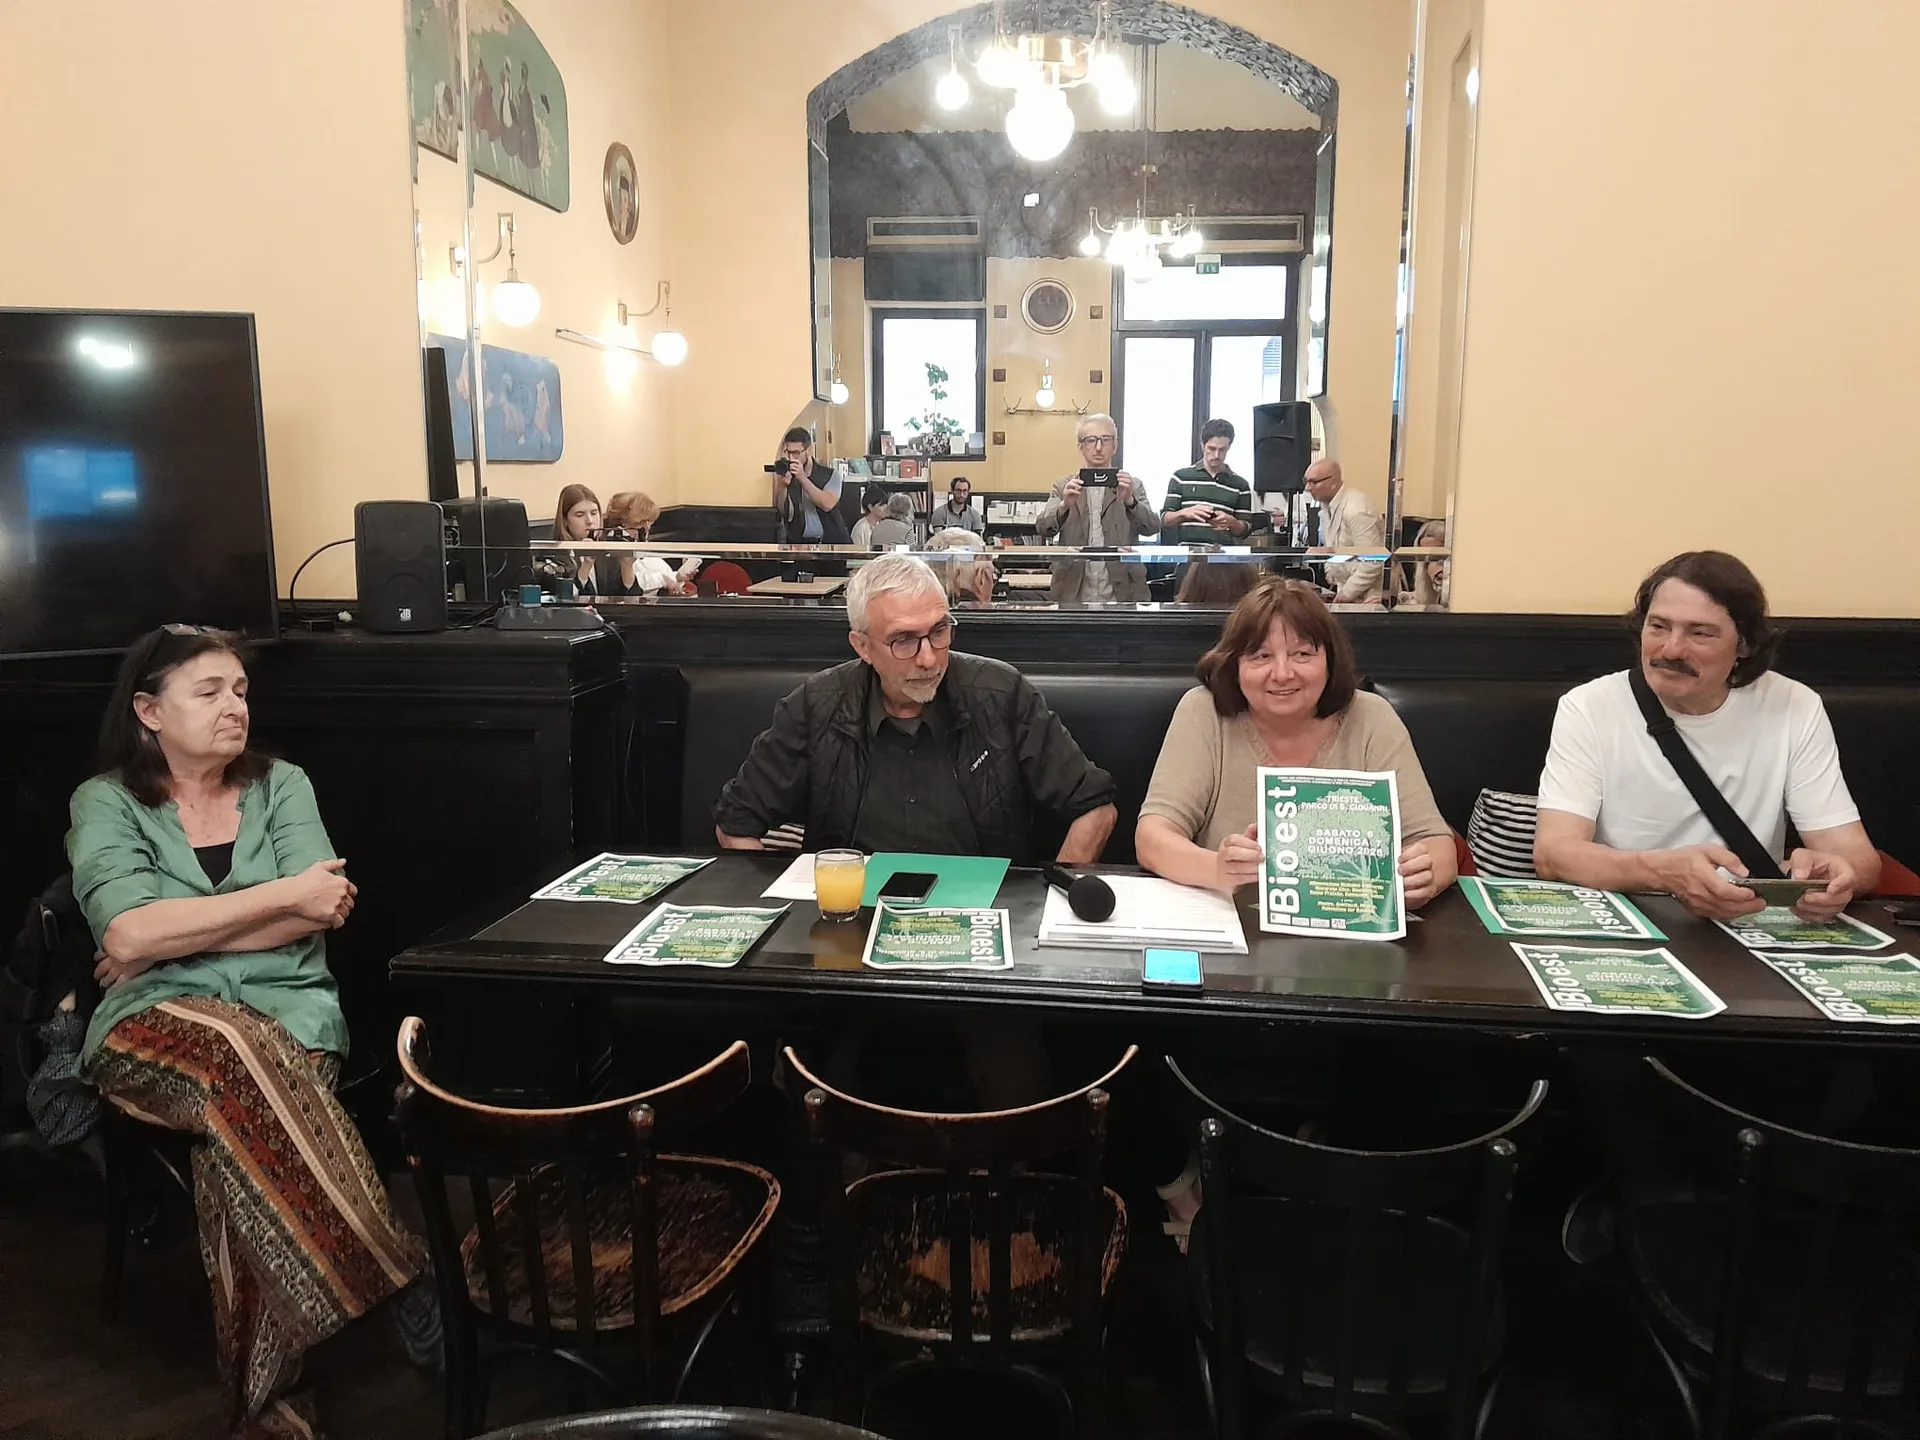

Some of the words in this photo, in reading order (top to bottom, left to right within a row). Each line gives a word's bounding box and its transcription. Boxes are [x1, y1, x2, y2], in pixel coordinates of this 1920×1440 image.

[1326, 795, 1360, 804] TRIESTE
[1301, 802, 1328, 810] PARCO
[1329, 803, 1338, 811] DI
[1316, 828, 1361, 837] SABATO
[1308, 836, 1369, 847] DOMENICA
[1308, 845, 1354, 855] GIUGNO
[1357, 846, 1383, 857] 2026
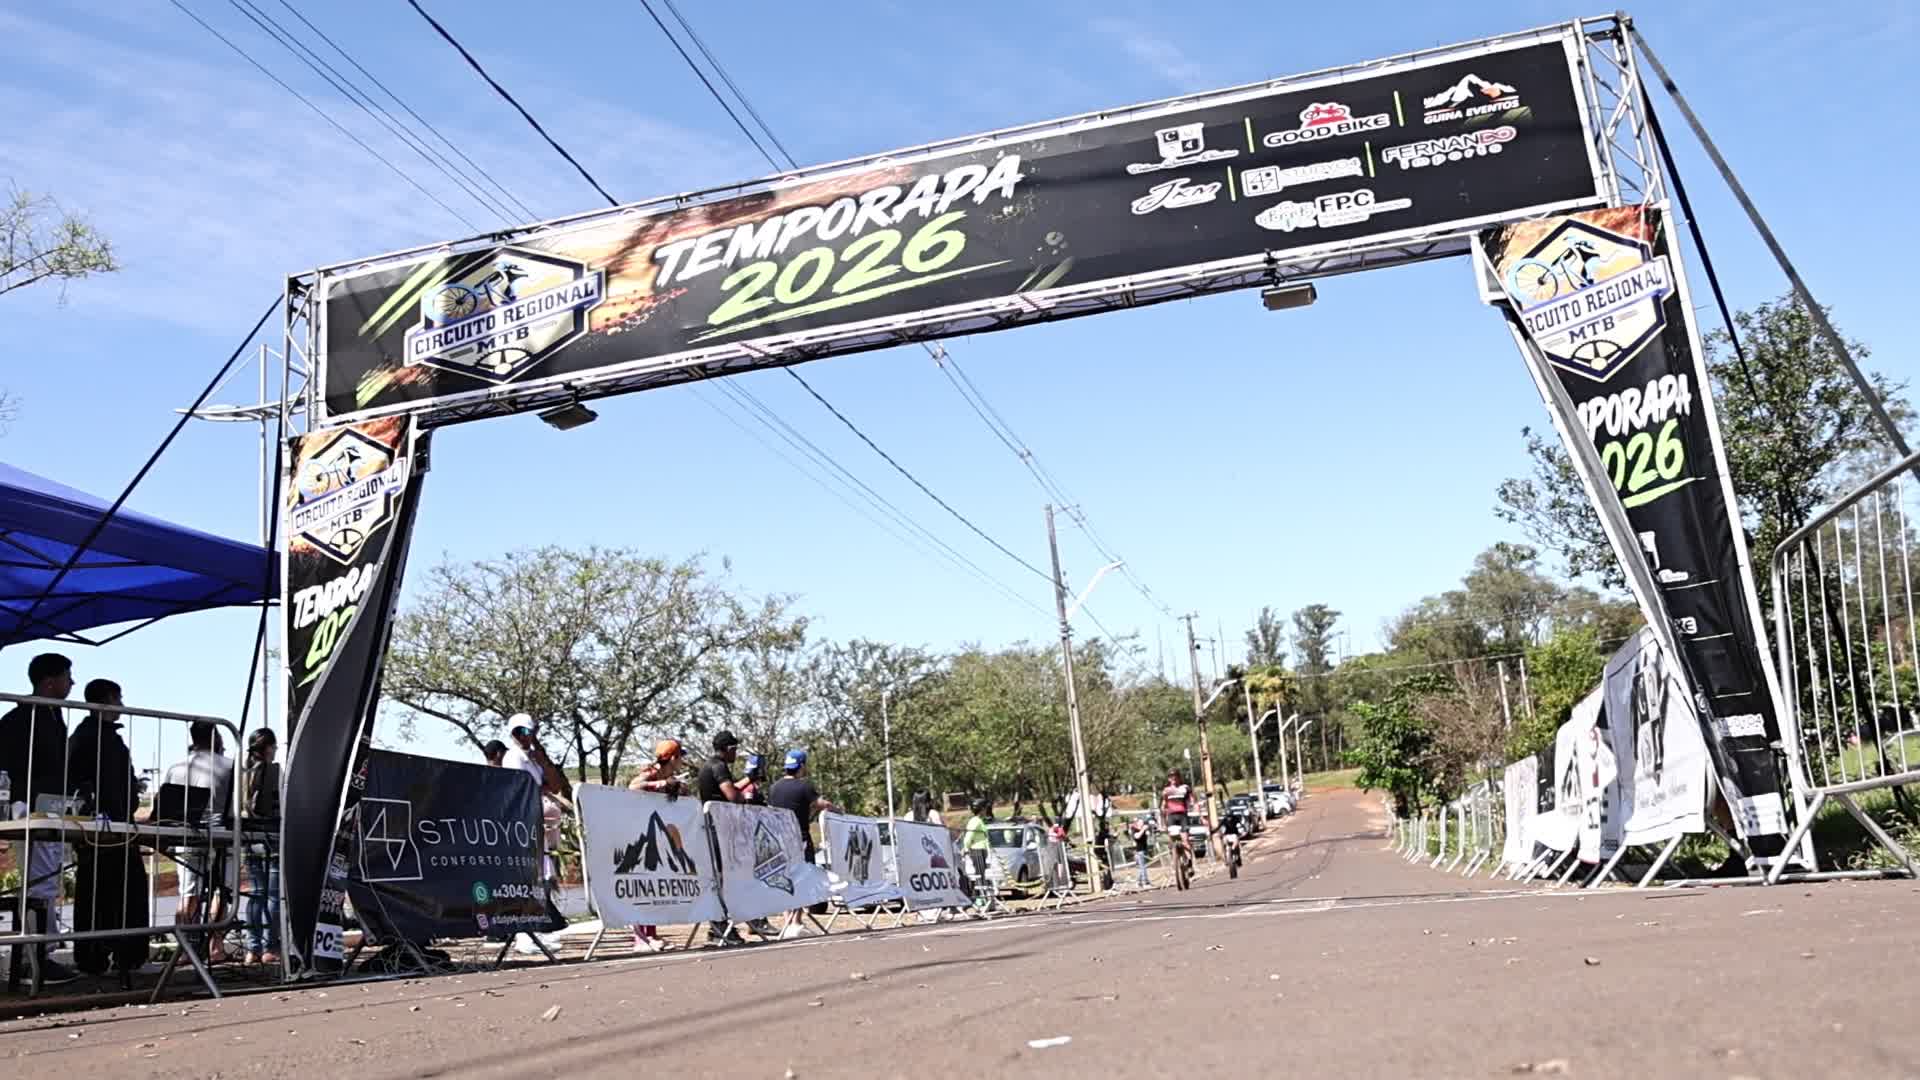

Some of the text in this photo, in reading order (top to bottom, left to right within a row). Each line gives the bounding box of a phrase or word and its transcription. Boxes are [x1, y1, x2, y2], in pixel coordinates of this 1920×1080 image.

-----

> Prompt: Where an entry holds an image, drop the image and copy the remaining text exactly.

> Answer to the problem:
Some of the words in this photo, in reading order (top to bottom, left to right within a row). Each line gives a word's bounding box and its transcription. Boxes are [x1, y1, x2, y2], in pixel coordinates of this 1920×1440 image.

[1326, 795, 1360, 804] TRIESTE
[1301, 802, 1328, 810] PARCO
[1329, 803, 1338, 811] DI
[1316, 828, 1361, 837] SABATO
[1308, 836, 1369, 847] DOMENICA
[1308, 845, 1354, 855] GIUGNO
[1357, 846, 1383, 857] 2026

Some of the text in this photo, in reading order (top to bottom, left to right within a row). Each line gives the bounding box of a phrase or word and its transcription. Boxes are [x1, y1, x2, y2], in pixel coordinates of this 1920×1080 image.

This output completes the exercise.